1.18.2010

Something that I hope lasts...

Most of you know that while Korea has been resplendently entertaining these last four months what with its never-ending parade of ethical and cultural surprises, I’ve been a pretty consistent naysayer, feeling every bit the sometimes lonely foreigner in a strange land. But…


Wait, before I go on. This post is not meant to catalogue Renee’s transition into Being A Happy Foreigner inKorea. Not by any means. Indeed, most mornings I still wake up looking like this:

(taken on New Years Day. I think the combination of the nauseous look on my face and the Smile Day shirt makes a pretty bold statement about how I’m starting out this new year. I think it says “I may be nauseous, but I’m still going to attempt a smile, damn it! Or at least attempt putting on a shirt that has the word ‘smile’ on it!”)
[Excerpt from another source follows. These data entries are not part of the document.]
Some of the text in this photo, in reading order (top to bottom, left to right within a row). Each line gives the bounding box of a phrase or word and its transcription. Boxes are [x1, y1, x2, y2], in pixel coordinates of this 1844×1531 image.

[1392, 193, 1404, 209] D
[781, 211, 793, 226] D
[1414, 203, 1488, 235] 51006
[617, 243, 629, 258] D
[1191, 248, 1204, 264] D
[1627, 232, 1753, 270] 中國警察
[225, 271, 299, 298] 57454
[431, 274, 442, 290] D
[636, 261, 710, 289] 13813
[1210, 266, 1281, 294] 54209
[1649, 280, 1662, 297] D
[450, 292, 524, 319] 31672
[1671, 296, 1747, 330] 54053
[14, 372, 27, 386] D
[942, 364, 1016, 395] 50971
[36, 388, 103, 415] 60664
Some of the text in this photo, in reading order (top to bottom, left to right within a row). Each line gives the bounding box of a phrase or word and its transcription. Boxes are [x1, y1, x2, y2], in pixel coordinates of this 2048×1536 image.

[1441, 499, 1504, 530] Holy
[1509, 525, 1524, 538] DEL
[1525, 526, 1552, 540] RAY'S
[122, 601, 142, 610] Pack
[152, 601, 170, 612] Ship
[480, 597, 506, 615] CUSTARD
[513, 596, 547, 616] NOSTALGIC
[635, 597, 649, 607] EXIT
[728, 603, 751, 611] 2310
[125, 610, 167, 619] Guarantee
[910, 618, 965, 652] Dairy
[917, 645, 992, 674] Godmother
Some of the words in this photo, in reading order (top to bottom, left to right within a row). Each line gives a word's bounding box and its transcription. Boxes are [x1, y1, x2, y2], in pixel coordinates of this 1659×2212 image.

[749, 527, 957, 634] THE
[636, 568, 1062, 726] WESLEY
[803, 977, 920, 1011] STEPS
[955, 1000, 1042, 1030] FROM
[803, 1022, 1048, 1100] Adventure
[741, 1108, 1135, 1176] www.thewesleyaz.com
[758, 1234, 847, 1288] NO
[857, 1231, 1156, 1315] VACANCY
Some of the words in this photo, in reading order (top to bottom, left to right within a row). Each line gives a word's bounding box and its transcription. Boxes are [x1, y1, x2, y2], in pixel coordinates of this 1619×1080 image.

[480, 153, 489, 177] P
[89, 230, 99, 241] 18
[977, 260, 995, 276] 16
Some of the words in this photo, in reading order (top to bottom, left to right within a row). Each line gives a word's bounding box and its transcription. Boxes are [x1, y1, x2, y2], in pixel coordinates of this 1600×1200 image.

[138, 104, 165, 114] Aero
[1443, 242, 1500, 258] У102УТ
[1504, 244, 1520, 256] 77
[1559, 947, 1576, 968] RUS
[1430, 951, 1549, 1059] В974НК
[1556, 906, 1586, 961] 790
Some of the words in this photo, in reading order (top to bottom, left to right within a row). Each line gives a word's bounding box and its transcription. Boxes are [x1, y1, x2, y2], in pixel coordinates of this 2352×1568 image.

It’s come to my attention, however, that I’ve been complaining a lot. Last week I had a lovely dinner of shabu shabu with two of my closest friends here. It was a feast- I gorged myself on Korean pancakes, apple salad and fresher than fresh kimchi (yes, I honestly like the stuff.) We got to talking about the level of stress Korean life offers and how its affected us, individually. I heard myself say, “Yes—my stress level is much lower here, but the stress that is present is one made from the absence of things, not the presence.” Hazaah! The absence of things!

Could it be that the actual lack of something can wreak more psychological havoc than a real, existing presence of something? It seems it can, in Korea, for me.

That being said… whatever absences are currently wrecking my psychological wellbeing as a result of living here- its also afforded me the opportunity to have:

- Lovely, lovely friends. I will say there aren’t a lot of winners out here amongst the expat masses, but I’ve found several gems much to my overwhelming surprise

- more free time than I know what to do with

- a disposable income that allows me to take trips to places like Vietnam and Europe

- the opportunity to listen to more new music and watch even more movies than I did in the States

- to reflect in an unhurried state

I’m sure this passing ‘Korea doesn’t completely suck’ mood will soon drift into my bin of fickledom (and probably much too fast—it’s always the good moods that travel there the fastest.) – but for now I am weirdly content. For now. Certain amazing people will be leaving much too soon and will not allow me to have the ridiculously amazing weekend that I just had, but as someone wise told me once…perhaps I’d be better off actually enjoying the moment rather than dive into my all-too-frequent habit of being anticipatorily nostalgic.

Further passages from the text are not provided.